The coalition of splinter parties and groupuscules that Besancenot is proposing holds no great appeal for Mélenchon, who would be obliged to march arm-in-arm with smaller fry rather than appearing, solo, simultaneously in Paris and Lyon via hologram. But the truth is that Besancenot has beaten him at his own game. Mélenchon had previously envisioned piggy-backing on mobilized unions disgruntled by Macron’s labor-market reforms. On that score he admitted failure, but the railway strike promises to be more disruptive, so it might have seemed logical for Mélenchon to try to exploit it. Perhaps he has soured on this tactic, or perhaps Besancenot just beat him to it. So he has grudgingly paid lip service to the impending protest, though it is not clear that he will personally participate.

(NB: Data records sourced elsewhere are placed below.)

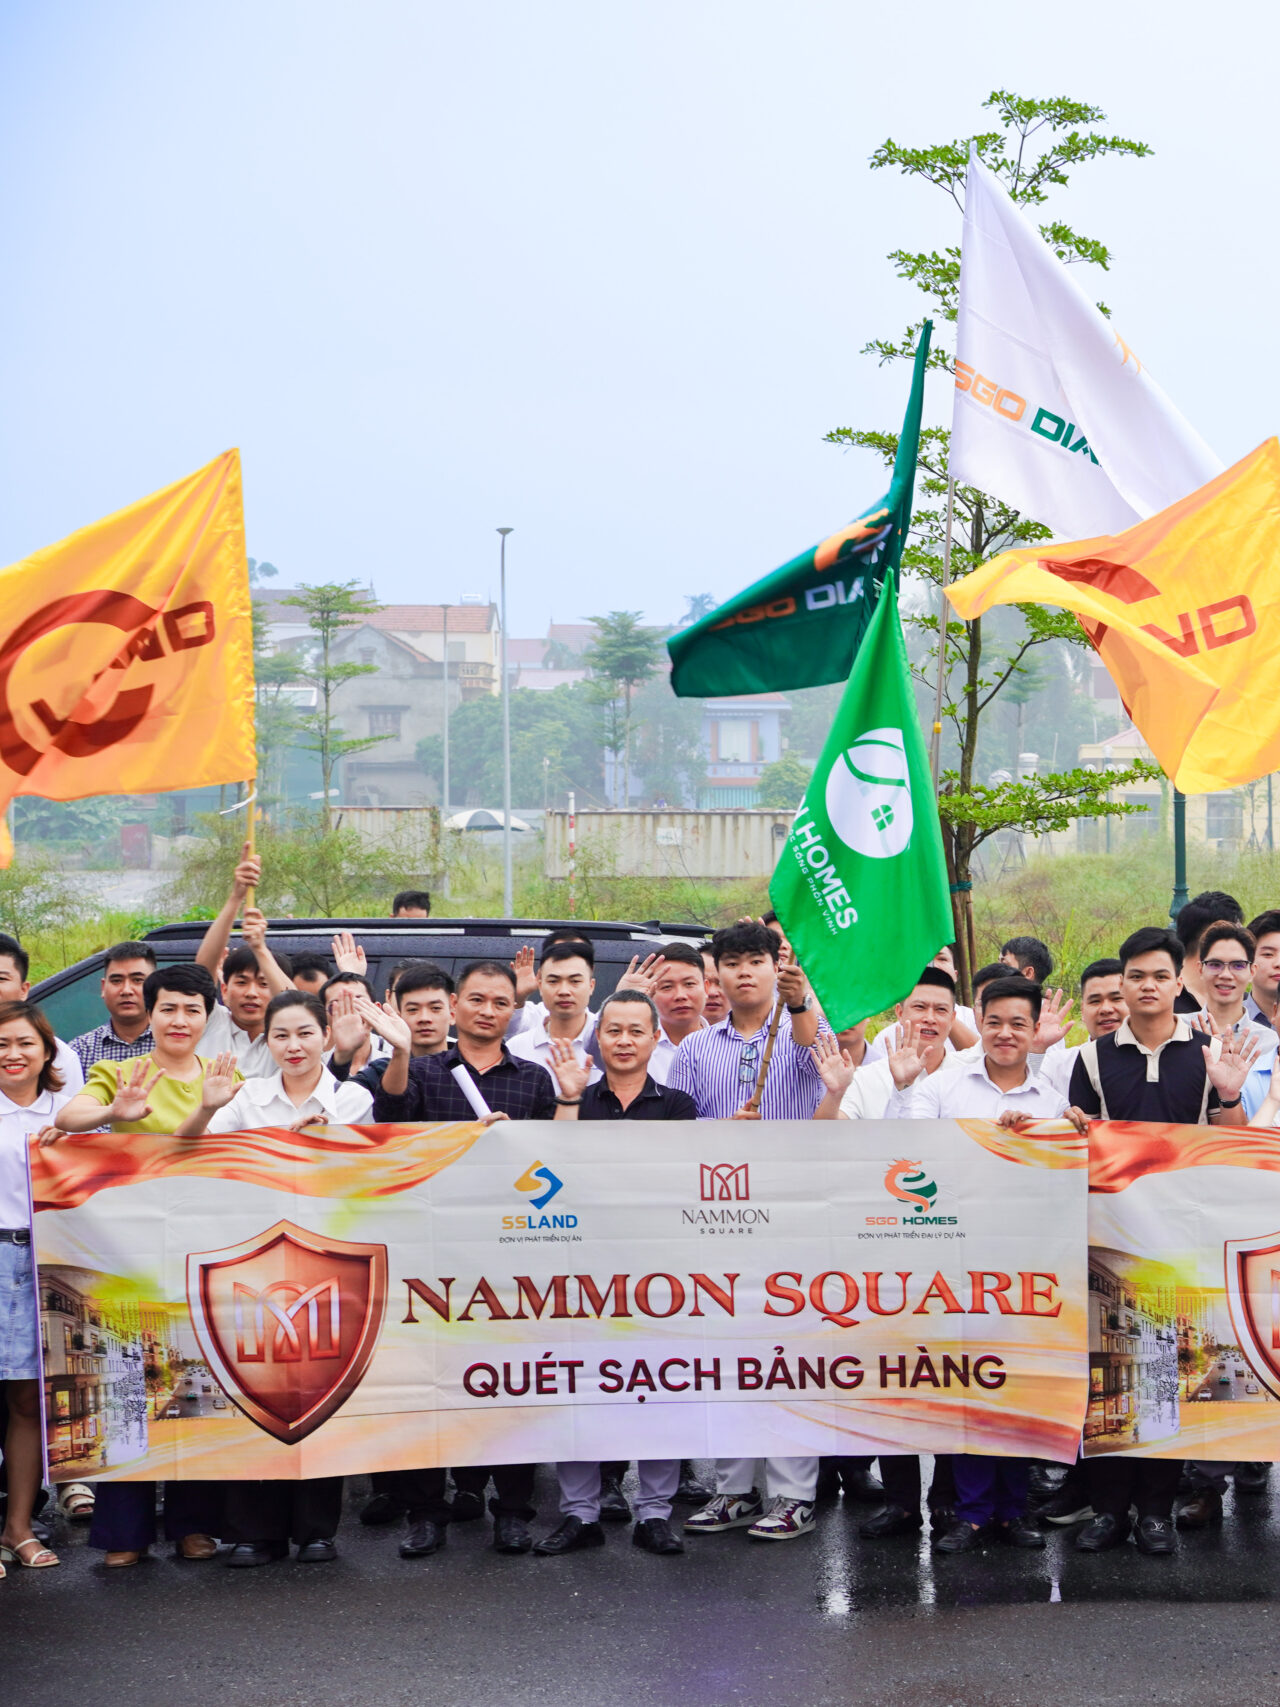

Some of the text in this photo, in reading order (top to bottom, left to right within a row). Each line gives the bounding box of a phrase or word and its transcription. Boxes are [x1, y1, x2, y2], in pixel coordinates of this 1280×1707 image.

[795, 820, 859, 930] HOMES
[822, 909, 839, 936] VINH
[502, 1214, 578, 1230] SSLAND
[682, 1208, 770, 1225] NAMMON
[865, 1216, 958, 1226] SGO HOMES
[401, 1270, 1063, 1328] NAMMON SQUARE
[462, 1344, 1007, 1403] QUÉT SẠCH BẢNG HÀNG

What this latest bid for left-wing unity demonstrates beyond any doubt is that true unity will not be easy to achieve. It may be true that all previous history has been the history of class struggle, but the class lines today are impossibly blurred. Opposition to the “elite” will not be enough to achieve unity among the rest. No amount of colorful pageantry drawn from the annals of earlier mass movements will suffice to clarify the nature of today’s struggle. Besancenot will have succeeded in mobilizing the splintered fragments of a left that lacks a clear idea of what its mobilization is intended to achieve. Perhaps Mélenchon’s melancholy disinclination to participate stems from an intuition that the idea needed to transform mere mobilization into movement is still lacking.

 

Photo credit: L’humanité rouge, 26 April 1980 (no. 1203), via Éditions Prolétariennes, Fair Use.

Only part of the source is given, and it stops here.